Né le 6 août 1989 à Paris, Kevin a grandi dans la banlieue parisienne. Deuxième d’une famille de trois enfants, c’est sa maman, responsable en cuisine centrale à l’hôpital Cochin qui les a élevés alors que leur père, militaire, est retourné, trois ans après sa naissance, en Martinique. « Il avait le mal du pays. Mais on a toujours gardé une grande et belle complicité ! Malgré la distance, il a toujours su tenir son rôle de papa. »

Le père de famille, c’était donc leur maman, « Tatie » comme on l’appelle dans le quartier. « Aujourd’hui, au-delà de mon statut de footballeur, "Kevin" est respecté. Ma famille aussi. Quand ma mère a besoin de quelque chose, les petits de la cité l’aident. Ils vont lui faire les courses, etc… »

Avec sa grande sœur Sabine - 34 ans, infirmière à l’hôpital de Gonesse - les rapports étaient un peu tendus. « C’était très compliqué avec ma sœur. Je ne sais pas pourquoi. Mais quand j’ai quitté le foyer familial pour intégrer le club de Dijon, notre relation s’est améliorée. Maintenant on s’entend très bien, on est même inséparable. »

Entre les garçons, le courant passait mieux. Protecteur, il prenait soin de son petit frère Mickaël - 23 ans - tout en lui apprenant à faire des petites conneries : « J’ai galéré et il l’a vu. Il a compris que la vie n’était pas facile. Je tenais à ce qu’il s’imprègne des bonnes valeurs que notre mère nous a inculquées. Je le remettais aussi en place quand il le fallait. Quand j'ai quitté le cocon familial, il s’est pris pour l’homme de la maison et a manqué de respect à notre mère. J’ai dû revenir exprès au quartier pour lui montrer que c’était bien beau de faire le bonhomme mais qu’il devait assumer. Je l’ai attrapé, je l’ai descendu en bas de l’immeuble et je lui ai réglé son compte devant ses potes. Même si c’était mon frère et que ça me faisait de la peine, je lui ai montré que le chef de famille c’était notre mère. C’est comme ça qu’il a su se calmer très vite. Aujourd’hui, mon frère, boucher dans un supermarché, est un homme droit et responsable. »

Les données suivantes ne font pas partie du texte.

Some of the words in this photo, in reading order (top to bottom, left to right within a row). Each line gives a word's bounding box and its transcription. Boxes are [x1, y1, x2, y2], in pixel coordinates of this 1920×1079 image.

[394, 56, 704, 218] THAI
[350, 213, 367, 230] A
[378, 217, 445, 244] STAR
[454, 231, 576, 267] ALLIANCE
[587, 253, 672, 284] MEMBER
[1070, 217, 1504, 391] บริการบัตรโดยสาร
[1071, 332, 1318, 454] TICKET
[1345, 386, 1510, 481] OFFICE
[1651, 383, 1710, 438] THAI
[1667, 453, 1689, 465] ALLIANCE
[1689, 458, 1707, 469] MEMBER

Kevin a connu le quartier. A Garges Sarcelle, c’était assez chaud. Dans la cité de la Zone 4, il a dû s’imposer pour ne pas se faire marcher dessus et s’en sortir. « Dans un quartier comme celui-ci, on est testé. Comme on dit dans notre pseudo langage, on veut voir si ce gars-là est un bolos, un mec faible. Comme je suis de nature très gentil, les gens ont pensé qu’ils pouvaient faire ce qu’ils voulaient de moi. Mais ils se sont trompés. J’ai mes limites. J’ai dû me faire respecter par la parole et parfois par des gestes un peu brusques. Mais finalement, ils ont compris que je n’étais pas un petit bolos. »

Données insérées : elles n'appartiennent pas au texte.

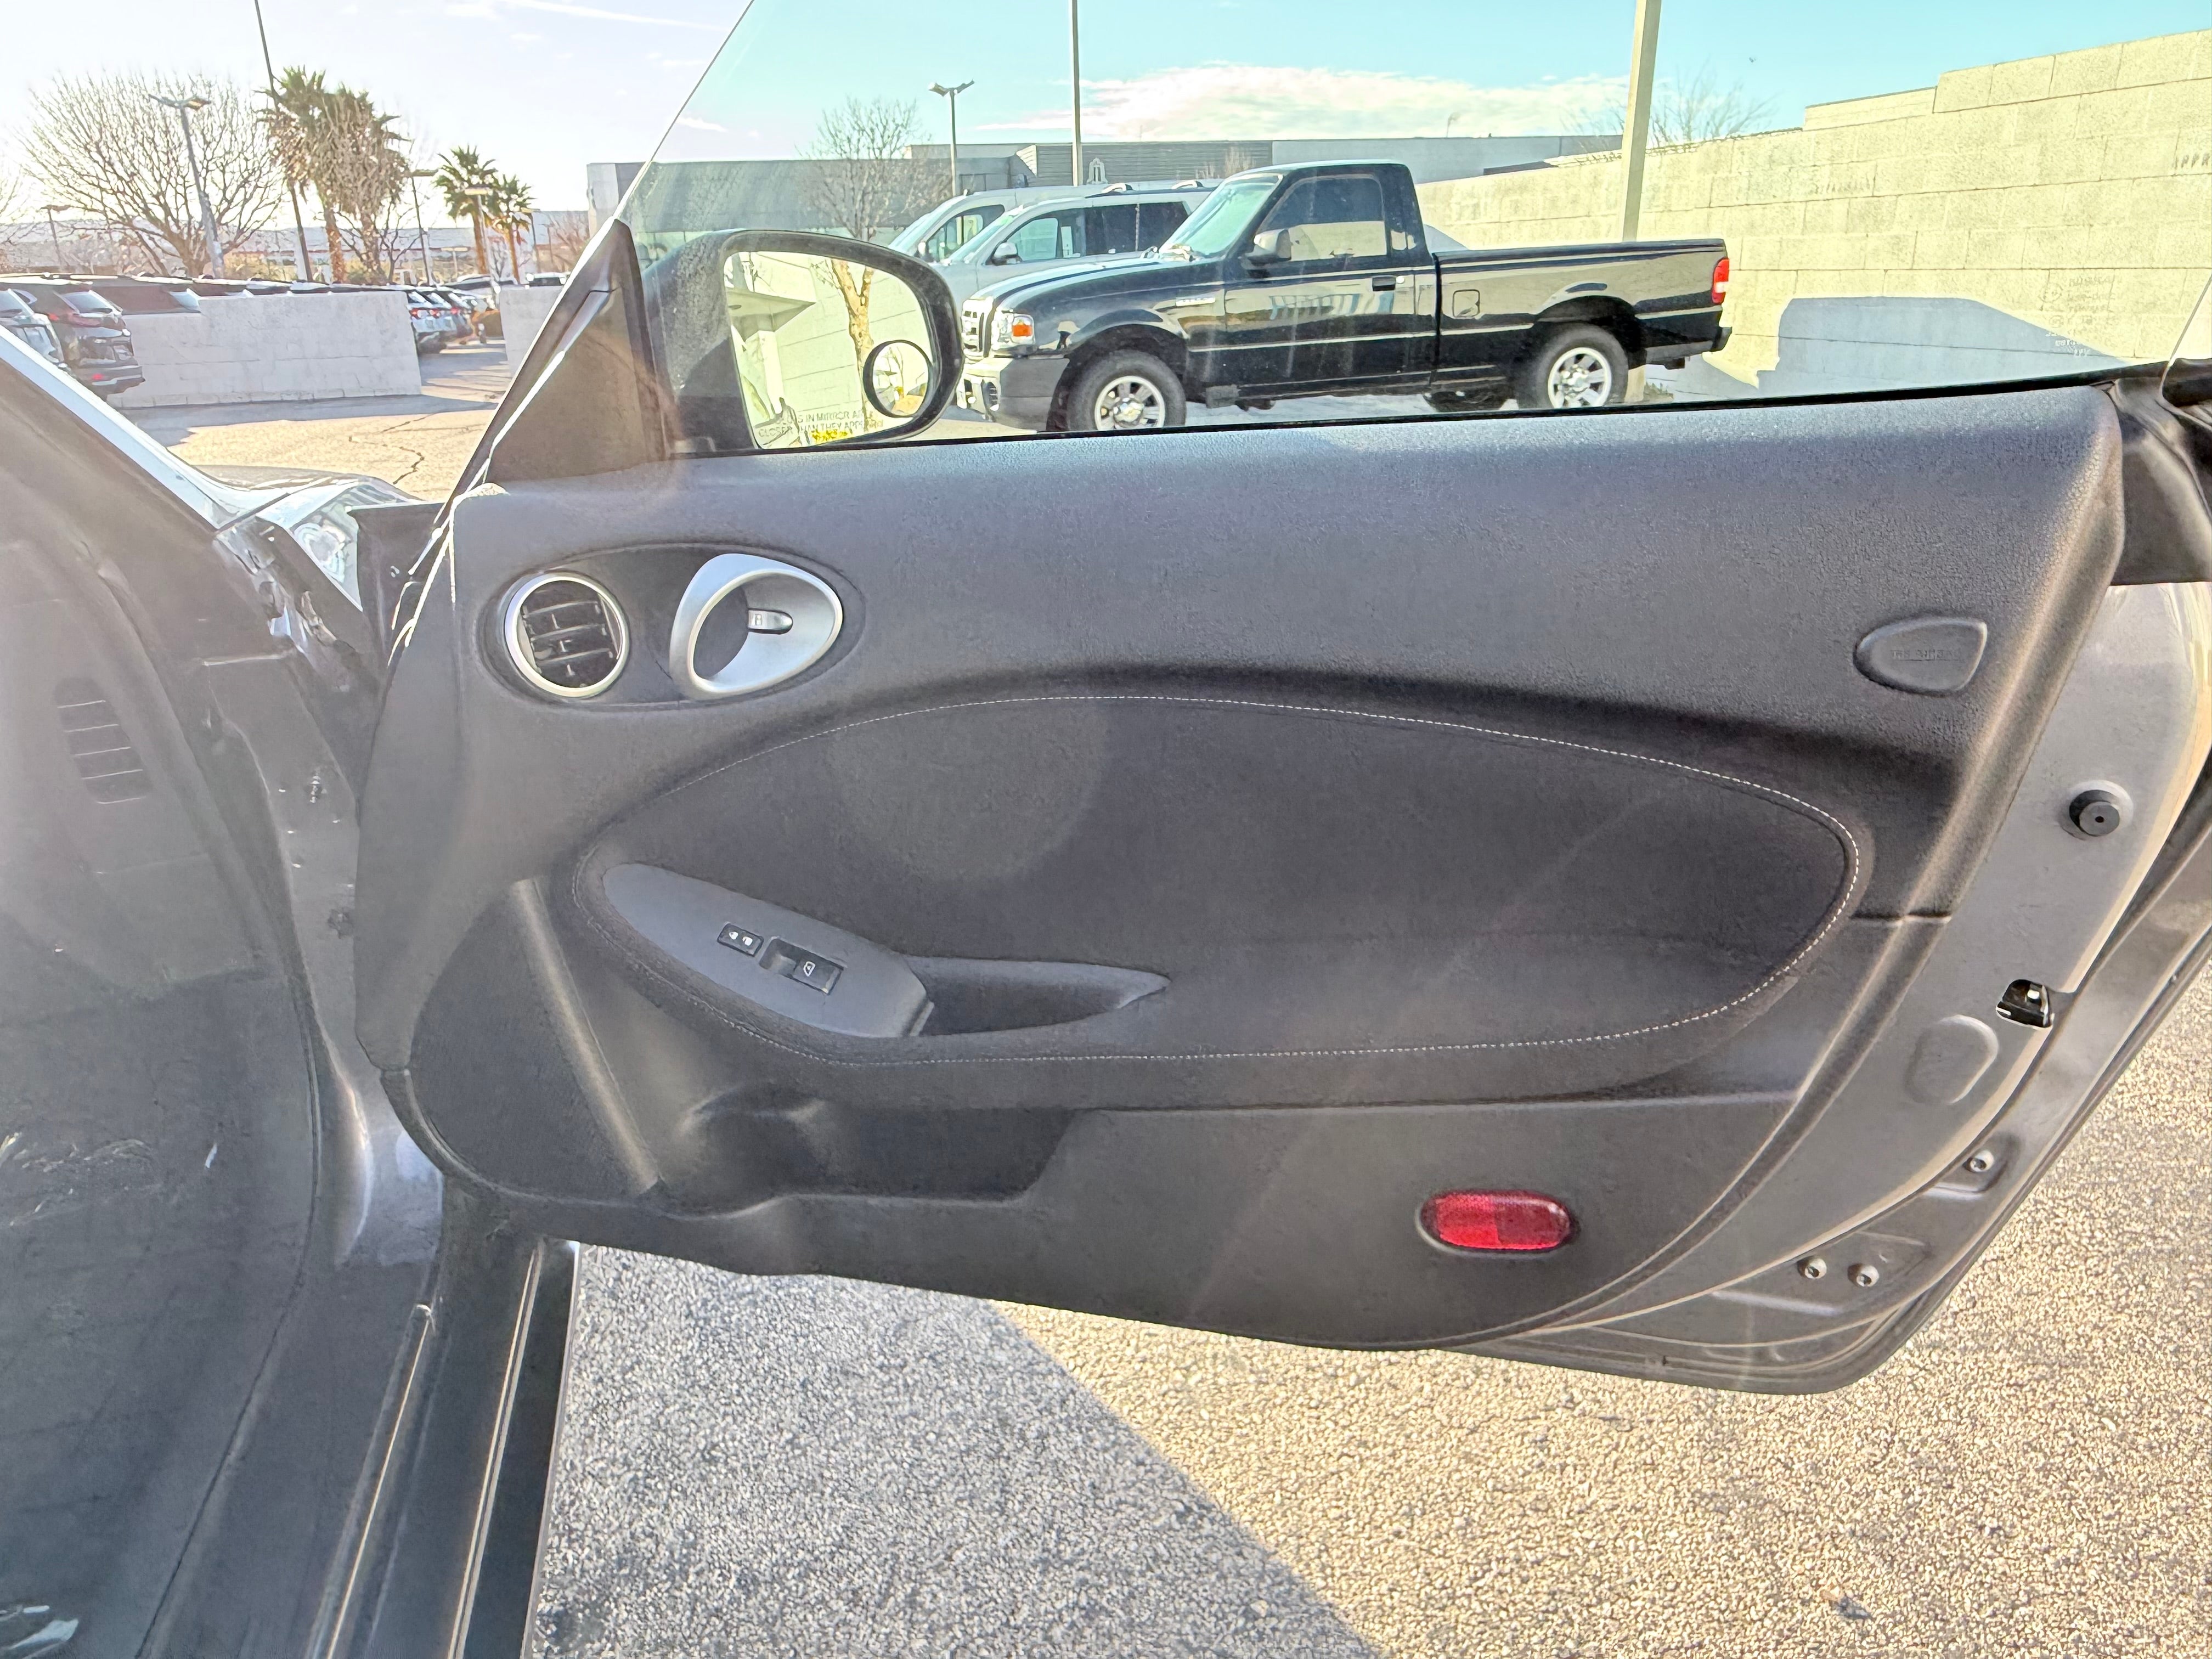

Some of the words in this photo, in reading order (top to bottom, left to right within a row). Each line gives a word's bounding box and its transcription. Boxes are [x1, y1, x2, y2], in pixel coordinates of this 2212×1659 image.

[816, 410, 850, 421] MIRROR
[758, 426, 794, 438] CLOSER
[820, 421, 842, 432] THEY

La Zone 4, c’est la délinquance, la vente de substances illicites. Vivre dans un quartier, c’est à double tranchant. « Là-bas, c’est soit tu tombes et tu as de mauvaises fréquentations, soit tu fais face et tu montres que tu peux réussir. » Ce qui a fait la différence pour Kevin, c’est qu’il avait un but dans la vie : devenir footballeur professionnel. « Je me suis donné les moyens. Si j’étais resté, j’aurais mal tourné. »

Le foot, c’est sa vie. Quand il était petit, il ne se consacrait qu’à ça : « J’ai arrêté l’école à 16 ans. Ma mère, la pauvre, pensait que j’allais à l’école mais j’étais sur les terrains avec mes potes. »
Les potes, comme sa deuxième famille. « Dans la Zone 4, on était une bonne bande d’amis. Depuis, certains sont partis à l’étranger ou dans une autre région de la France, d’autres sont restés, mais on ne s’est jamais lâché ! Il y en a qui viennent me voir à Lens. Ça permet de se remémorer les bons souvenirs. J’ai toujours une très bonne complicité avec 5-6 vrais potes.
Mais il y a surtout Franck Julienne (ancien joueur professionnel de Rennes). Il est comme mon frère. On se connaît depuis l’âge de six ans. On a fait les 400 coups ensemble ! »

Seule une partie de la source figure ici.